Figure 2.

Design and delivery of multi-gRNA PB vectors for CRISPRi and CRISPRa targeting of the TCF4 gene. (a) Representative western blot of TCF4 protein expression in hPSCs. Letters a and b denote the two observed bands. (b) Top, Schematic of the TCF4 gene exons containing potential TSS locations for the putative protein isoforms shown in (a). Numbers below exons correspond to the primer pairs used for RT-qPCR. Exon locations are modified from Sepp et al.²⁷, with approximate predicted molecular weights of resulting protein isoform(s) listed above each starting exon in italics, with tested exons highlighted in red. The asterisks under exon 3d indicates there was no detectable PCR signal for this exon with two separate primer pairs (data not shown).

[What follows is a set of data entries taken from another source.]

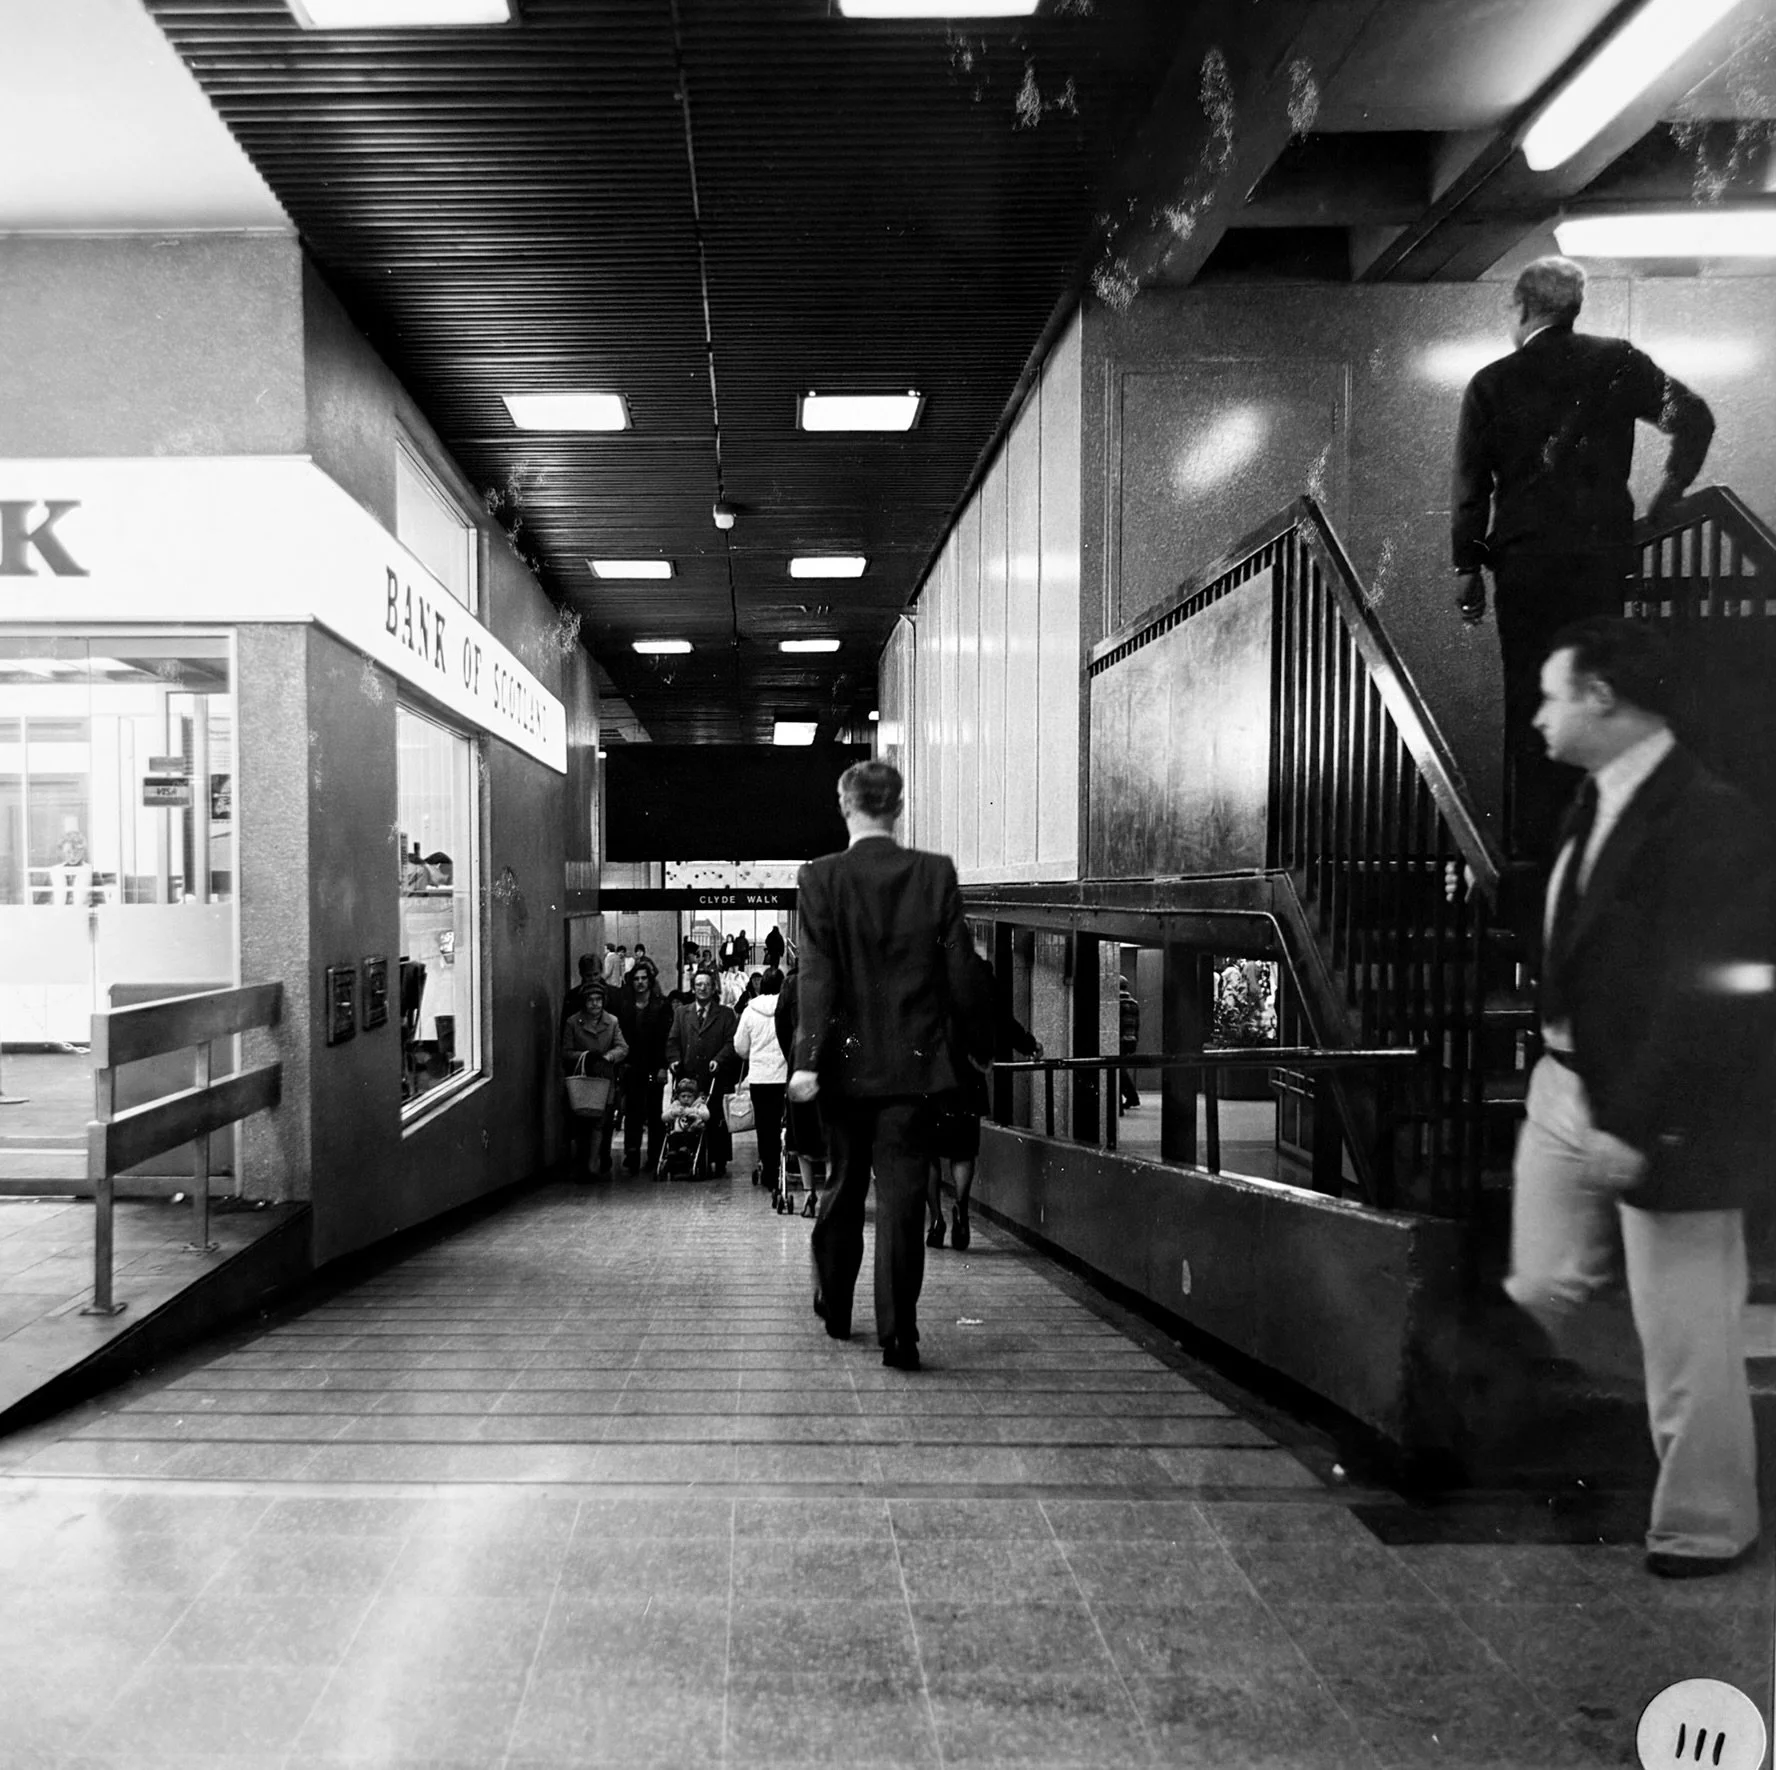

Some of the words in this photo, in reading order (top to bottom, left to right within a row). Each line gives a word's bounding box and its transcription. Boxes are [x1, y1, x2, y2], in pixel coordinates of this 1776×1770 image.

[0, 499, 91, 577] K
[386, 564, 446, 674] BANK
[463, 636, 482, 696] OF
[699, 895, 736, 904] CLYDE
[746, 895, 779, 904] WALK
[1675, 1722, 1726, 1766] 111

Bottom, Exon-specific expression of TCF4 transcripts from RT-qPCR of two independent H1 hPSC samples and normalized to GAPDH. -RT lane denotes the no reverse transcriptase control cDNA reaction. Data is shown as mean +/− s.e.m. of two independent biological samples. (c) Overview of multi-gRNA PB vector cloning, delivery, and selection. (d) Representative images of mRFP fluorescence in dCas9-KRAB-PB clones K1 and K2 (top panels) and dCas9-VPR-PB clones V1 and V2 (bottom panels). Cells are counterstained with DAPI (blue). Scale bar = 100 μm. (e) PB vector copy number in dCas9-KRAB and dCas9-VPR clones as determined by ddPCR quantification of mRFP gene. Data is shown as the mean of three experiments with error bars as +/− s.e.m.